I realise this must have been done to death, but I'll drag this corpse up and try to breathe some life into it in the hope it makes this easier for *me* to understand. Criticism and 'WTF are you doing' comments are not only welcomed, but also encouraged in this search for my yeast epiphany.

I'm looking to harvest yeast from my 3 Coopers Stout big browns. I've somehow drunk the lot this arvo, and left a bit in the bottom of each, sealed the tops back on and put them in the fridge in what is a strange and unusual departure from my regular methods.
My limited understanding so far is that I can use this left overs to make more yeast.

Back to yesterday -
I brewed up a nice mix of Stout in the urn, reached the targeted 1.053 I expected and put it into a cube to cool.
Now I intend to use some of this cooled wort for repitching in the same wort for fermenting, by adding it to a sterilsed bottle, to which I'll then add the combined left over yeasts from the bottles, swirl around a bit, then what?


----------



## hirschb (8/11/16)

1.053 is a bit strong for prepping up dregs. It may work. Try it and see. After putting the wort in your bottles (maybe 100-150ml of wort), seal the bottles with airlocks or star-san-ed tin-foil wrapped very tightly, and place at room temp. If there is no visible ferm in two days, throw it away. If you get a decent ferm, let it ride for a few days, and then use an Erlenmeyer flask and stir plate to make successively larger yeast cultures until you've hit the amount you need for some future brew. Needless to say, you're not gonna be able to culture enough yeast quickly enough to use in the stout you just brewed.


----------



## LAGERFRENZY (8/11/16)

Maybe for the next time:
https://www.coopers.com.au/coopers-forum/topic/7349/


----------



## Stouter (8/11/16)

LAGERFRENZY said:


> Maybe for the next time:
> https://www.coopers.com.au/coopers-forum/topic/7349/


That's clearer!


----------



## Stouter (8/11/16)

hirschb said:


> Needless to say, you're not gonna be able to culture enough yeast quickly enough to use in the stout you just brewed.

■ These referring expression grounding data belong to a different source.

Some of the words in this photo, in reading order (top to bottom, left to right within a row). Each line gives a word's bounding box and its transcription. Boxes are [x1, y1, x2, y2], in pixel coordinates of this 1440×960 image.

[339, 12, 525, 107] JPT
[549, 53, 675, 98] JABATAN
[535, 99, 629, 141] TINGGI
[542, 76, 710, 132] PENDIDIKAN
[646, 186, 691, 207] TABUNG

Not even if it's already cubed and sitting for however long it takes for the yeast to develop.


----------



## LAGERFRENZY (8/11/16)

I don't see why not if you aren't in any hurry.


----------



## Stouter (8/11/16)

Nah, no hurry. I'm still waiting for a batch of Pale Ale to ferment in the temp fridge, so the cube has to sit there for a while anyway.
Thought it might be good to use some of the Stout wort in the harvesting process as I'm going to pitch it into the very same wort.


----------



## S.E (8/11/16)

Stouter said:


> Nah, no hurry. I'm still waiting for a batch of Pale Ale to ferment in the temp fridge, so the cube has to sit there for a while anyway.
> Thought it might be good to use some of the Stout wort in the harvesting process as I'm going to pitch it into the very same wort.

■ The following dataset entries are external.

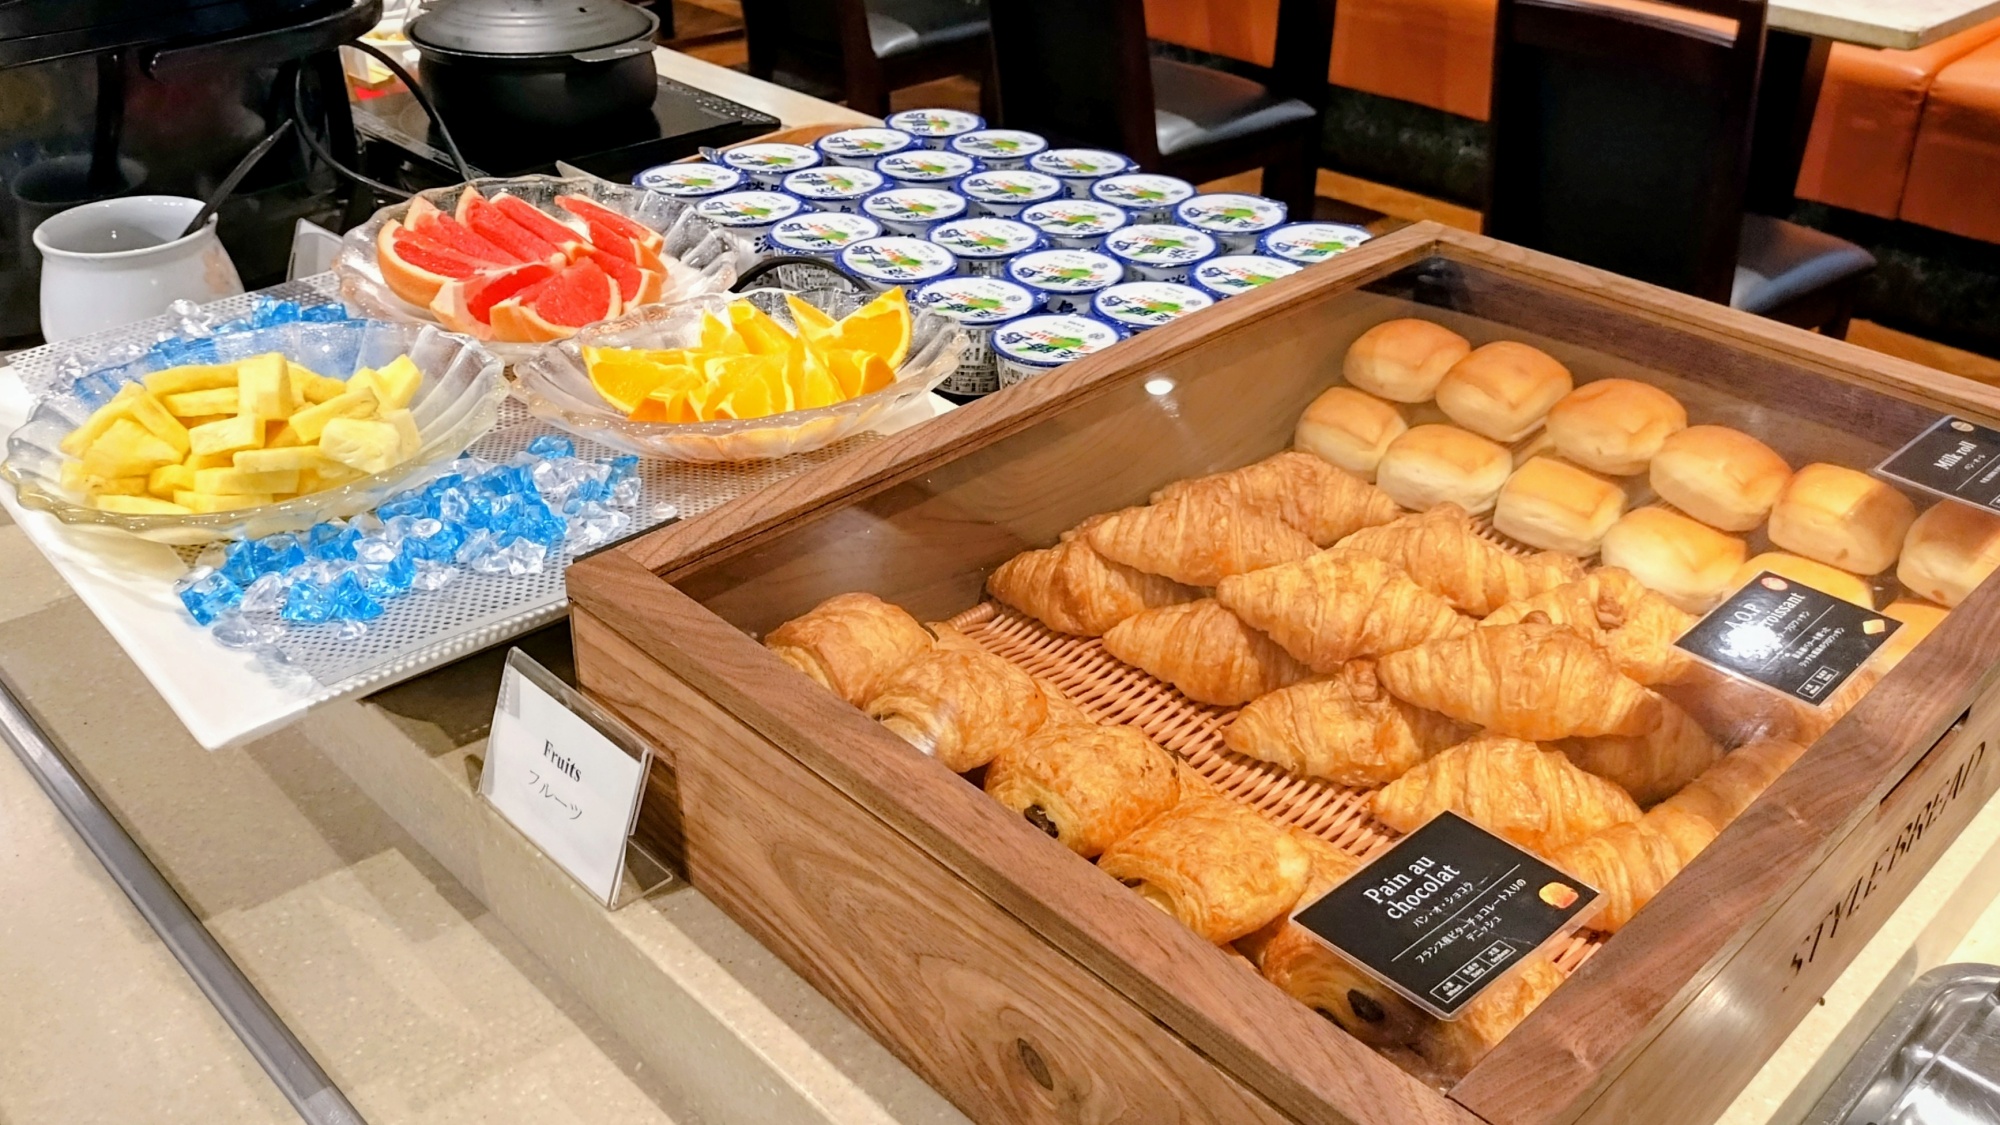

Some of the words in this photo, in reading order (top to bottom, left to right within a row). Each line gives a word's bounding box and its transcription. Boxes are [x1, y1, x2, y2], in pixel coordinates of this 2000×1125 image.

[1933, 453, 1963, 471] Milk
[1956, 440, 1977, 456] roll
[1724, 602, 1761, 629] AO.P
[543, 739, 582, 783] Fruits
[528, 769, 583, 820] フルーツ
[1363, 872, 1412, 905] Pain
[1408, 855, 1436, 876] au
[1387, 863, 1461, 920] chocolat
[1413, 881, 1474, 928] パン・オ・ショコラ
[1466, 916, 1502, 942] デニッシュ

[SIZE=11pt]Do you have some of the stout wort in a separate container or all in the cube? Cos if you need to open the cube to get wort for your starter you risk the rest of the wort in the cube getting infected before the starter is ready to pitch.[/SIZE]


----------



## Stouter (8/11/16)

That's a risk I'm willing to take.


----------



## S.E (8/11/16)

Stouter said:


> That's a risk I'm willing to take.


That’s ok then so long as you’re aware and happy. I take what most home brewers would consider outrageous liberties and struggle to get infections. Guess I’m just lucky though other unfortunate brewers seem to be tipping every other batch out on the lawn.


----------



## Rocker1986 (8/11/16)

I wouldn't be opening the cube, it's just asking for some nasty piece of shit to come in and ruin it in my mind. Better off making a lower SG wort with some water and DME to build them up. I can't see it making any difference to the flavour of the end beer.


----------



## Danscraftbeer (8/11/16)

Stouter said:


> *I realise this must have been done to death, but I'll drag this corpse up and try to breathe some life into it in the hope it makes this easier for me* to understand. Criticism and 'WTF are you doing' comments are not only welcomed, but also encouraged in this search for my yeast epiphany.
> 
> *I'm looking to harvest yeast from my 3 Coopers Stout big browns. I've somehow drunk the lot this arvo, and left a bit in the bottom of each, sealed the tops back on and put them in the fridge in what is a strange and unusual departure from my regular methods.*
> *My limited understanding so far is that I can use this left overs to make more yeast.*
> ...


Before reading comments after your post that may confuse me my first thought is that Coopers Ale yeast is the same strain used for all thier Ales.
To get the purest version of that yeast is from one of their Pale Ales. Then! Coopers themselves recommend stepping up that yeast with pure Dextrose/sugar not Malt Wort. There must be something in that recommendation. Like yeasts mutate and adapt to different environments etc. 
Stepping up yeast with pure sugar is a new to me but it makes pure sense too.
All I know is that Coopers yeast cultured smells like yummy Fruit Salad. Compared to say US-05 that smells like fresh bread.


----------



## Stouter (8/11/16)

Danscraftbeer said:


> Before reading comments after your post that may confuse me my first thought is that Coopers Ale yeast is the same strain used for all Ales.


I myself can be very confusing even without comments from others.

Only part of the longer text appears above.